The paper economy exchanges legal claims through financial markets. Legal claims represent ownership or control of real or physical assets. Some examples of legal claims are corporate stocks, government bonds, money, bank statements, and mortgage contracts. Each gives the owner claim to real goods or resources. For example, the 10 shares of OmniConglomerate stock owned by Duncan Thurly gives him a claim to the productive assets of OmniConglomerate. If this company should go bankrupt, then Duncan can claim some of their assets.
Of course, given that OmniConglomerate has over 100 million shares of stock outstanding, Duncan's 10 shares gives him an exceedingly small claim, but a claim nonetheless.
Real or Paper?
The real (or physical) economy involves the goods and resources, the physical production used to satisfy wants and needs. The paper (or financial) economy is legal claims on these physical goods and resources. The term "paper economy" is used because these legal claims historically have been documented using pieces of paper.
However, in modern times the paper economy might be better termed the "electronic economy." The paper of the past has largely given way to electronic data storage. Many legal claims are recorded as entries in computerized accounting systems.
The paper economy involves the exchange of legal claims through financial markets. Financial markets are one of three basic types of markets in the economy. The other two are product markets and resource markets. Product and resource markets exchange the goods, services, and resources making up the real side of the economy and which are directly involved with production and consumption activities.
In contrast, financial markets trade the legal claims that represent ownership of the goods, services, and resources exchanged in product and resource markets. Most notably, when legal claims are exchanged, income is diverted. Those buying legal claims give up income and those selling legal claims obtain income.
An important diversion facilitated by the exchange of legal claims is that from the household sector to the business and government sectors. The household sector buys legal claims as a means of saving income. The business and government sectors sell legal claims as a means of obtaining income used to finance investment expenditures and government purchases.
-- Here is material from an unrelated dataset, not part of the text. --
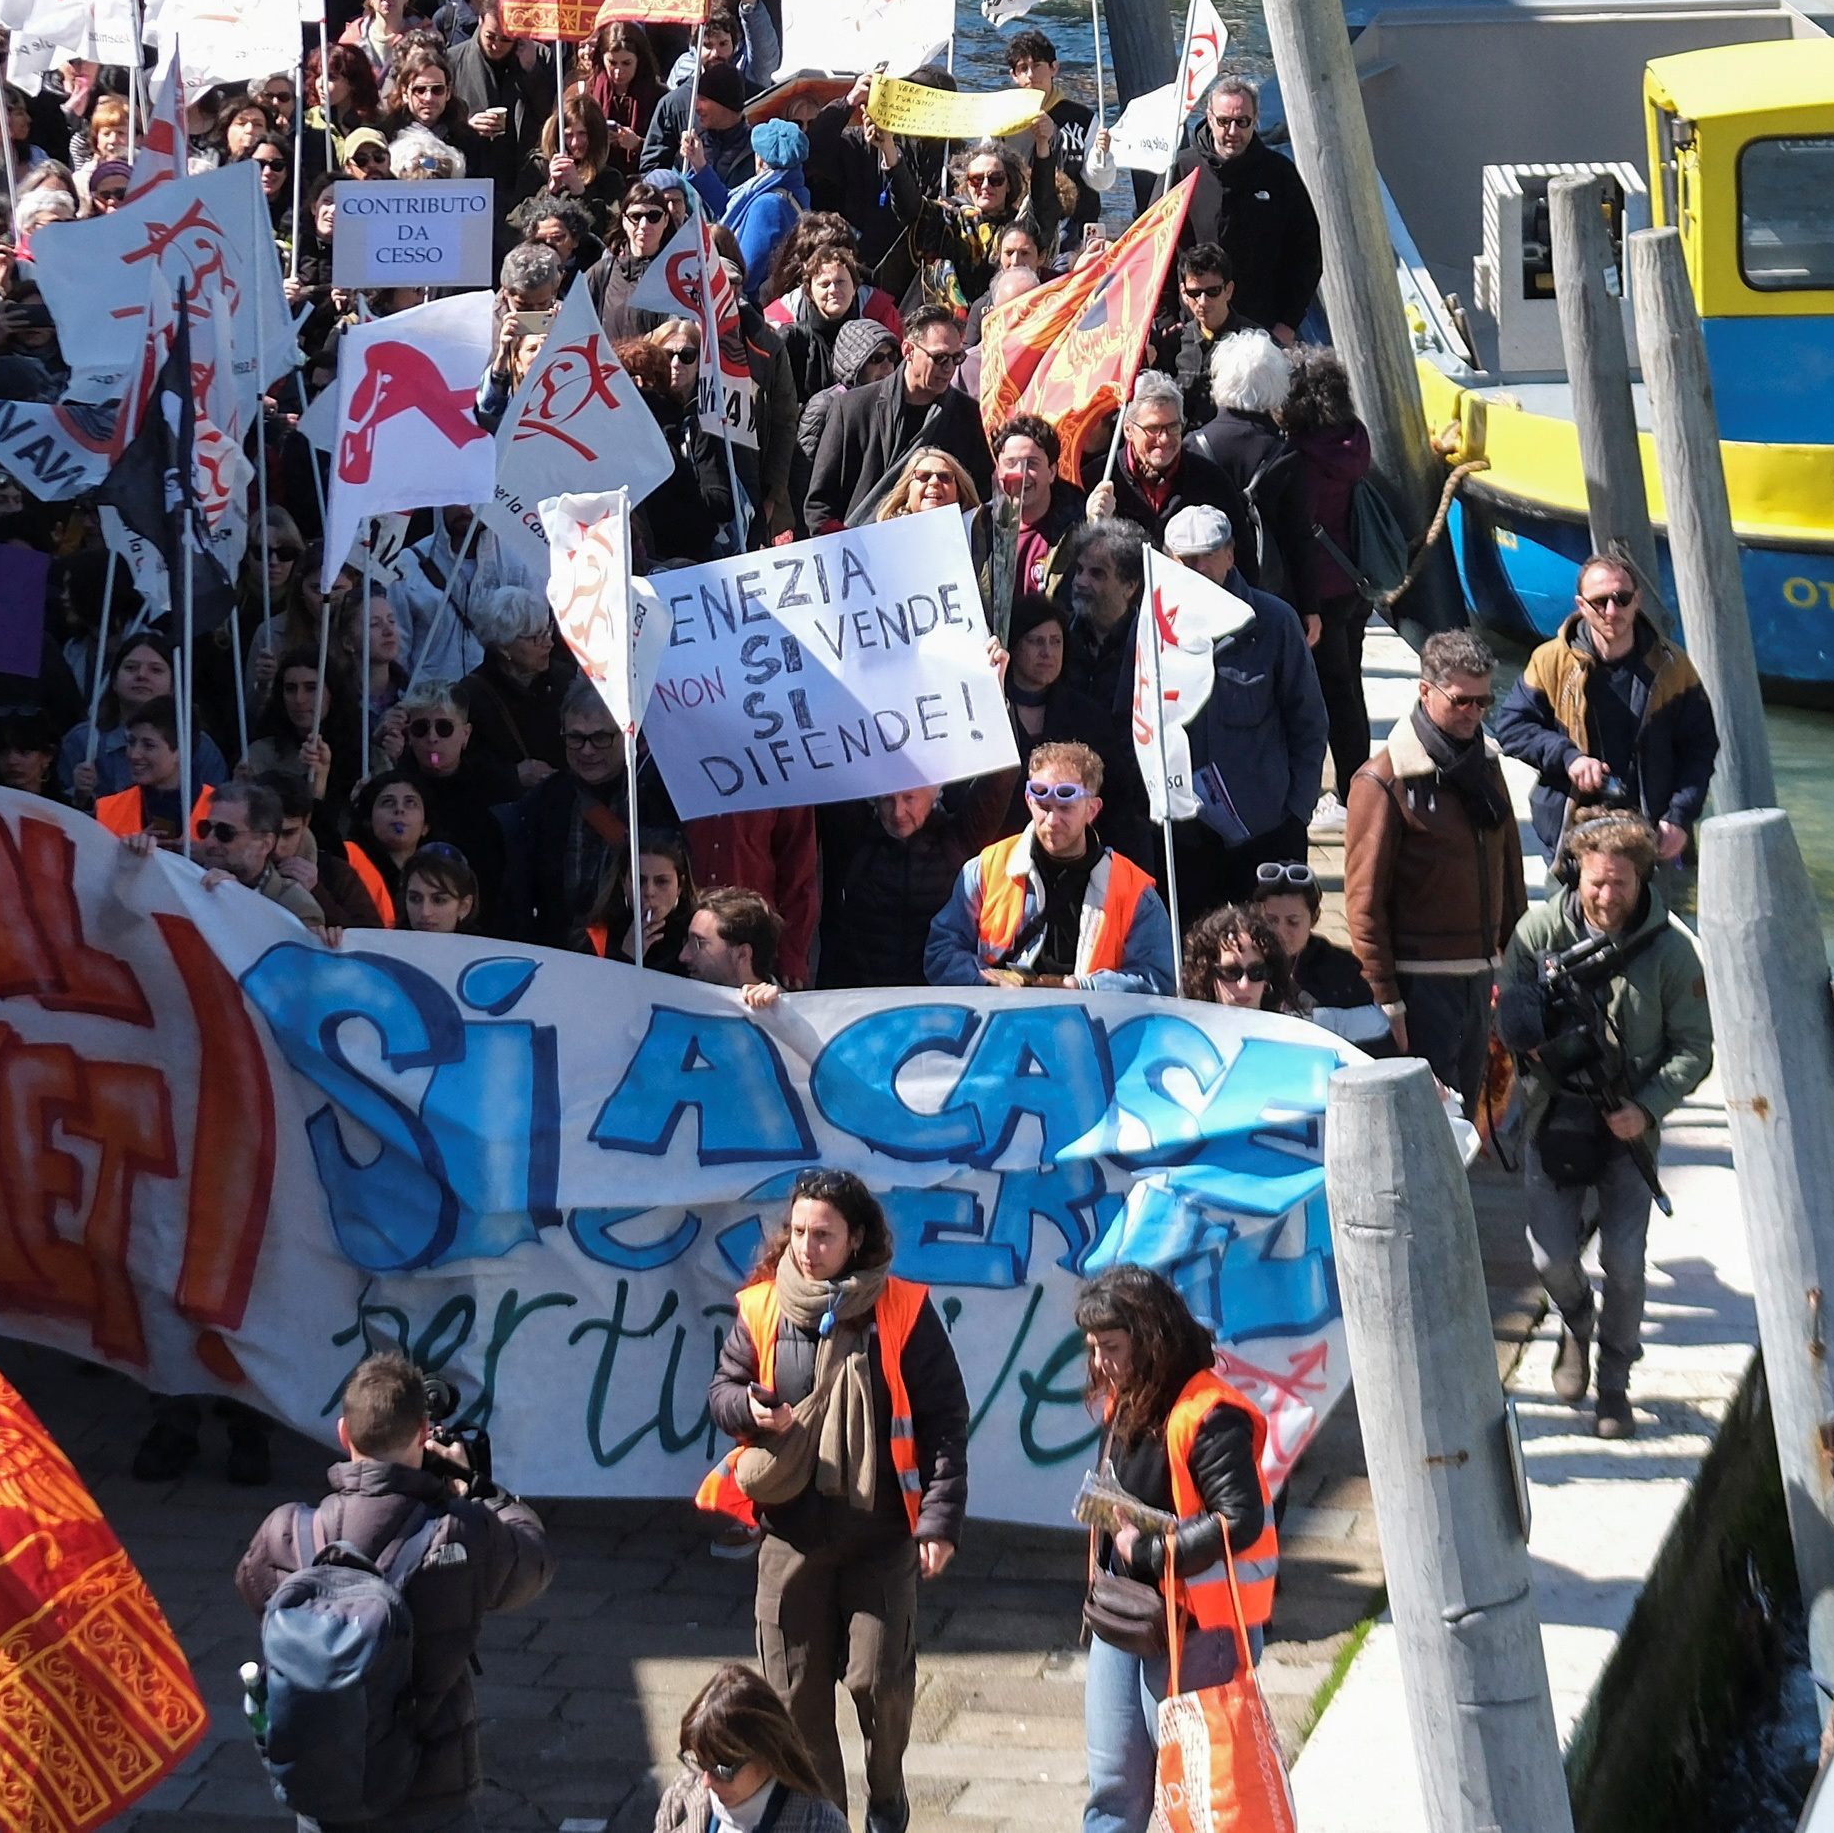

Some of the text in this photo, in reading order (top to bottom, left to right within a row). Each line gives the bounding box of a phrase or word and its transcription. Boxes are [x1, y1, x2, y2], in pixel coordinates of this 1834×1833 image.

Suppose, for example, that Duncan Thurly deposits his $243 paycheck in OmniBank. He gives the bank $243 of income, and in exchange, the bank gives him a paper legal claim (the bank account statement). They owe him $243. In effect, by buying this $243 legal claim he has made a $243 loan to the bank. He has supplied $243 of his income to the financial markets.
On the other side of this financial market, the OmniBank has sold Duncan a $243 legal claim, and in so doing has taken possession of $243 worth of his income. They have borrowed his $243.
In all likelihood OmniBank combines this $243 with income obtained from other bank customers and engage in another legal claim exchange. The Wacky Willy Company comes in on one side of this second exchange, seeking a $1 million loan to construct a new Stuffed Amigo production plant. Wacky Willy sells OmniBank a legal claim, that is a loan agreement or promissory note, in exchange for the $1 million. OmniBank is then on the buying side as it gives The Wacky Willy Company $1 million in exchange for the legal claim.